Clearly, Barrick would not be making such a dramatic move unless management strongly believed that the price of bullion is heading much higher. There are good reasons to think they are right. Start with the United States, which has been quietly devaluing its currency for several years (that’s the main reason the loonie has soared). Gold has long been seen as a way for people to protect themselves against a weak U.S. dollar and as a result the price of bullion tends to move inversely to the value of the greenback.
Washington is staring at ever-increasing fiscal deficits as it continues to pour billions of dollars into stimulus programs. President Obama’s health care reforms, if they ever clear Congress, will add billions more. Americans are notoriously reluctant to pay higher taxes to cover these mounting costs. So what’s the solution? Inflation, which will debase the currency and make debt repayment cheaper.
There are reports that foreign governments, including China and India, clearly see what is happening and have started quietly buying gold for their reserves as a substitute for U.S. dollars. If so, and it makes sense, that will increase the upward pressure on bullion.
Well-connected British journalist Ambrose Evans-Pritchard of The Telegraph published a column recently in which he quoted Cheng Siwei, a former senior official in the Chinese government who continues to represent the country at international events, as suggesting that his country has lost faith in the U.S. dollar and is gradually moving towards a partial gold standard. But they’re proceeding with caution.

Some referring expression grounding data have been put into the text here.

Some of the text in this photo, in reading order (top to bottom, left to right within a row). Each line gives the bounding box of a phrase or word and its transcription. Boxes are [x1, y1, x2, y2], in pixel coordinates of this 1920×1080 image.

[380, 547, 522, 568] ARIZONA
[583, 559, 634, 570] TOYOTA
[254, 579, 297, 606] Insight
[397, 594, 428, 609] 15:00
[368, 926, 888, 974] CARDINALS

“Gold is definitely an alternative, but when we buy, the price goes up. We have to do it carefully so as not to stimulate the market,” Cheng Siwei was quoted as saying.
Does this mean that China is trying to manipulate the international gold price? Perhaps. Certainly, it’s one more tidbit for the conspiracy theorists to chew on.

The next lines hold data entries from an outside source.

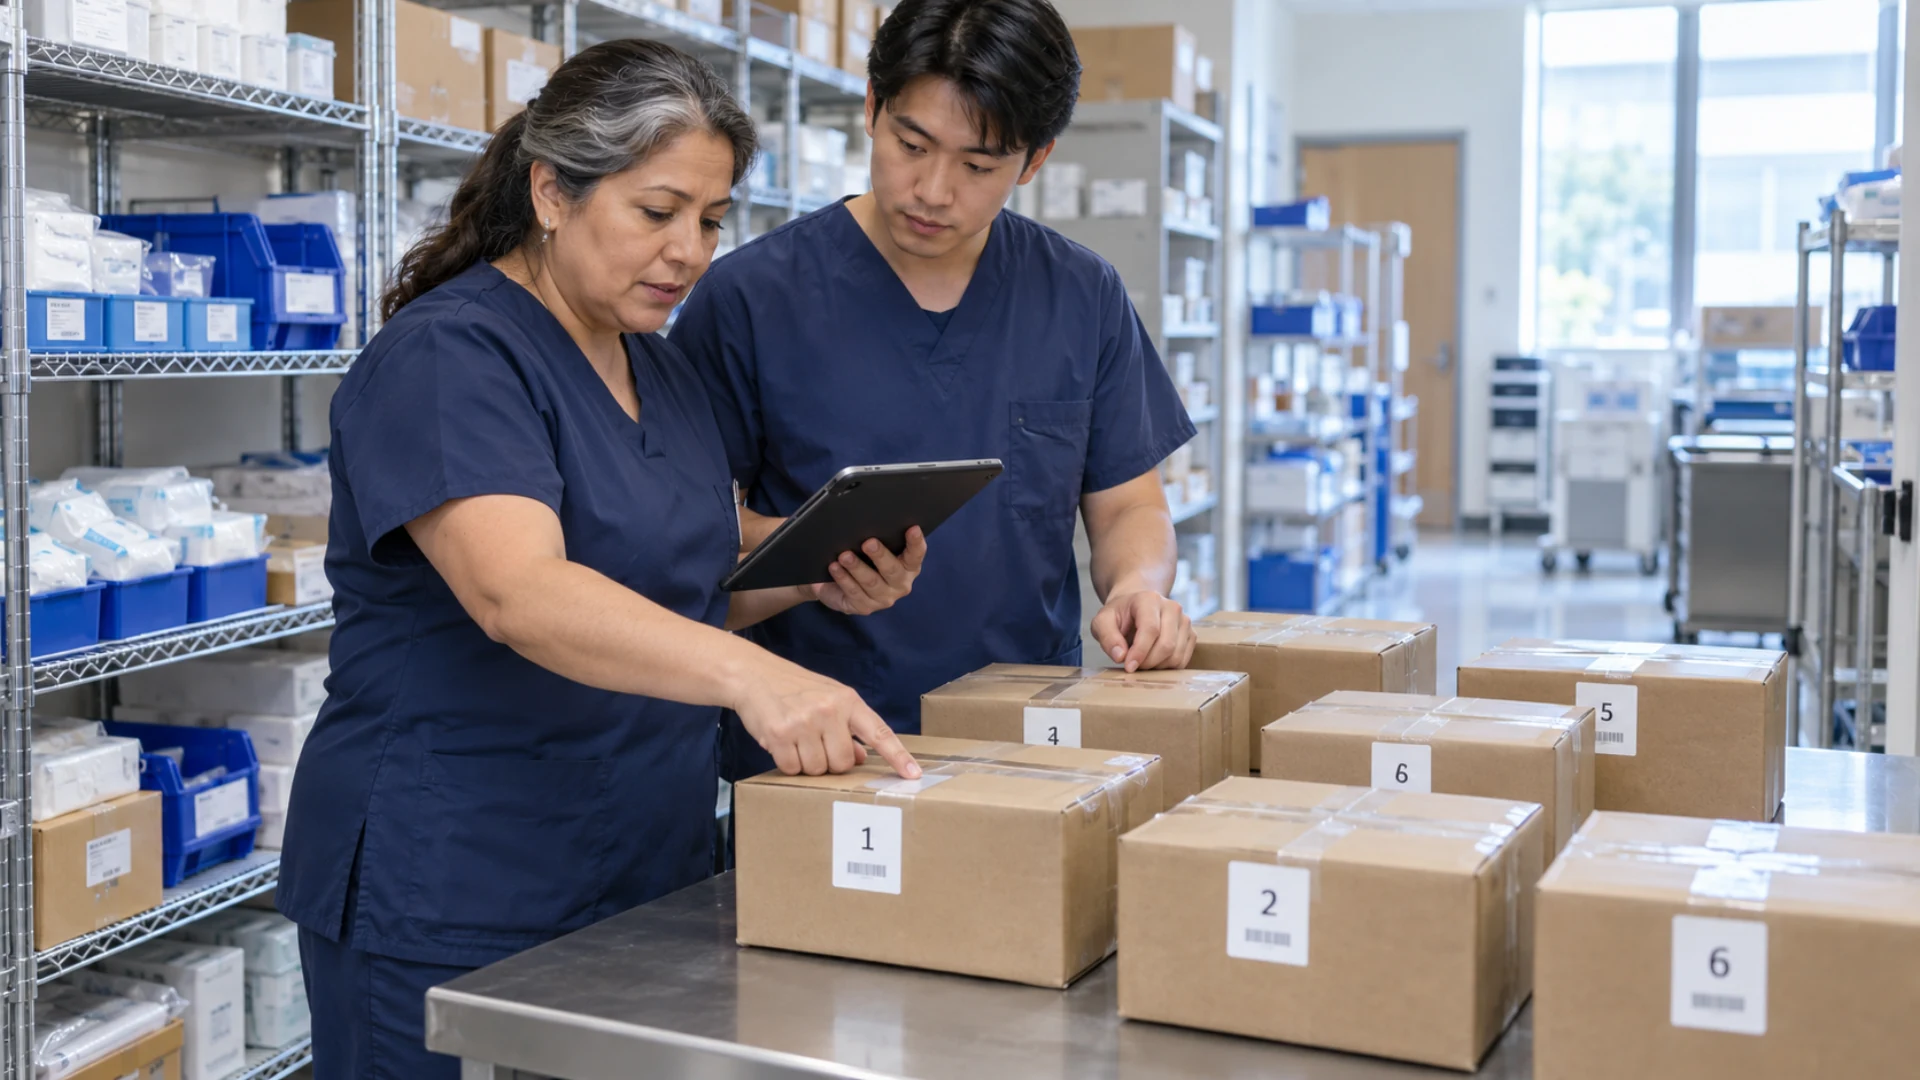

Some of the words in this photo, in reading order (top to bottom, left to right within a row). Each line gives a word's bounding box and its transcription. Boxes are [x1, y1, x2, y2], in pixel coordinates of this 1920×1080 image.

[1601, 702, 1613, 722] 5
[1395, 763, 1408, 784] 6
[861, 827, 874, 851] 1
[1260, 889, 1278, 916] 2
[1709, 948, 1730, 977] 6

So what does all this mean for investors? Is bullion finally poised to permanently crack through the $1,000 barrier, as the gold bugs have been predicting it would for decades? (I mean decades literally; I can remember attending a conference in Montreal in the 1980s at which several speakers predicted that $2,000 gold was less than a year away.) Or will we see yet another retreat?
Frankly, I don’t know and I doubt anyone else does. I understand the case for higher bullion prices but I also know the history. At this stage, I have to be skeptical. When gold stays over $1,000 for several months, I’ll be convinced. Not before.
If you want to invest in gold at this point, my advice is to buy on the pullbacks. I expect we’ll see a lot of volatility in the next month or so as bullion continues to flirt with the $1,000 mark. So wait for the dips and then take action.